Even assuming that the right of private defence of persons did

not accrue to the appellants and that, in fact, they exceeded their right

of private defence of property, it has to be seen as to which of the

accused exceeded that right. It is well settled that in a case where the

court comes to the conclusion that the members of the defence party

exceeded the right of private defence, the court must identify and

punish only those who have exceeded the right. Section 34/149 IPC

will not be applicable in the case of persons exercising their right of

private defence. [See : State of Bihar v. Mathu Pandey

1970 (1) SCR 358 and Subramani v.

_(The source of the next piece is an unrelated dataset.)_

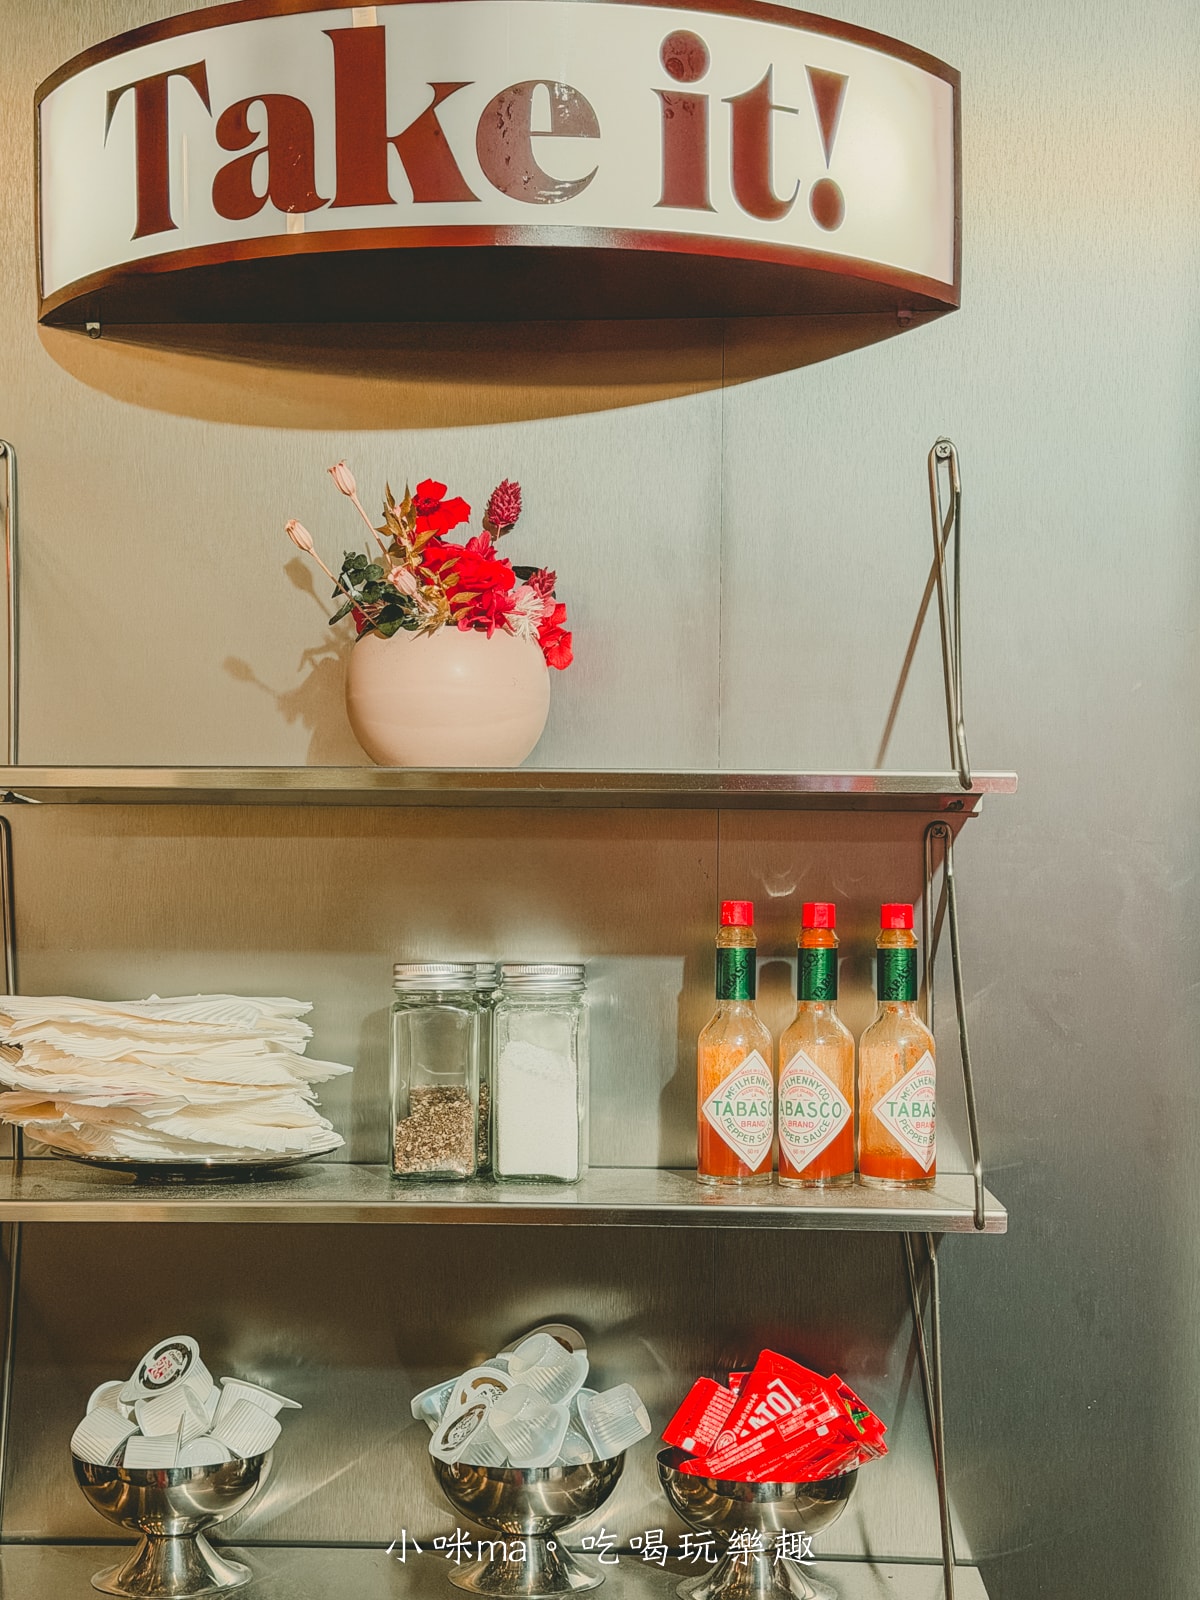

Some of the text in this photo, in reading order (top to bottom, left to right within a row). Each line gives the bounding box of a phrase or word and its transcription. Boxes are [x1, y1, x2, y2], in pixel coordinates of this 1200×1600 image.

State of Tamil Nadu

2002 (7) SCC 210]. For the same reason, the appellants cannot be

held guilty of the offence under Section 148 IPC, because nothing is

an offence which is done in the exercise of the right of private

defence.

In the instant case, the trial court clearly recorded a finding that

it was not possible to find as to which accused caused which injury to

the deceased. The trial court did not accept the evidence of the

prosecution witnesses in this regard, which in any event, was not

consistent. The medical evidence on record is to the effect that the

death was the result of the cumulative effect of all the injuries,

consequently no single injury caused the death of the deceased. In the

exercise of right of private defence of property, the appellants were

certainly entitled to use such force as was necessary, but without

causing death. In this state of the evidence on record it is not possible

to record a definite finding as to which of the appellants, if at all,

exceeded their right of private defence, and therefore the benefit of

doubt must go to all the appellants.

In this view of the matter, this appeal succeeds and the

appellants are acquitted of all the charges levelled against them. We

notice that the cases of accused No. 1 and accused No. 4, namely,

Thammireddy Apparao and Lanka Tatayyalu, stand on the same

footing as that of the appellants. For some reason they have not

preferred appeals before this Court, but we feel that in the interest of

justice they are also entitled to the benefit of this judgment. We,

therefore, order their acquittal as well. The appellants herein as well

as accused Nos. 1 and 4, namely, Thammireddy Apparao and Lanka

Tatayyalu, if in custody, shall be released forthwith, if not required in

connection with any other case. This appeal is accordingly allowed.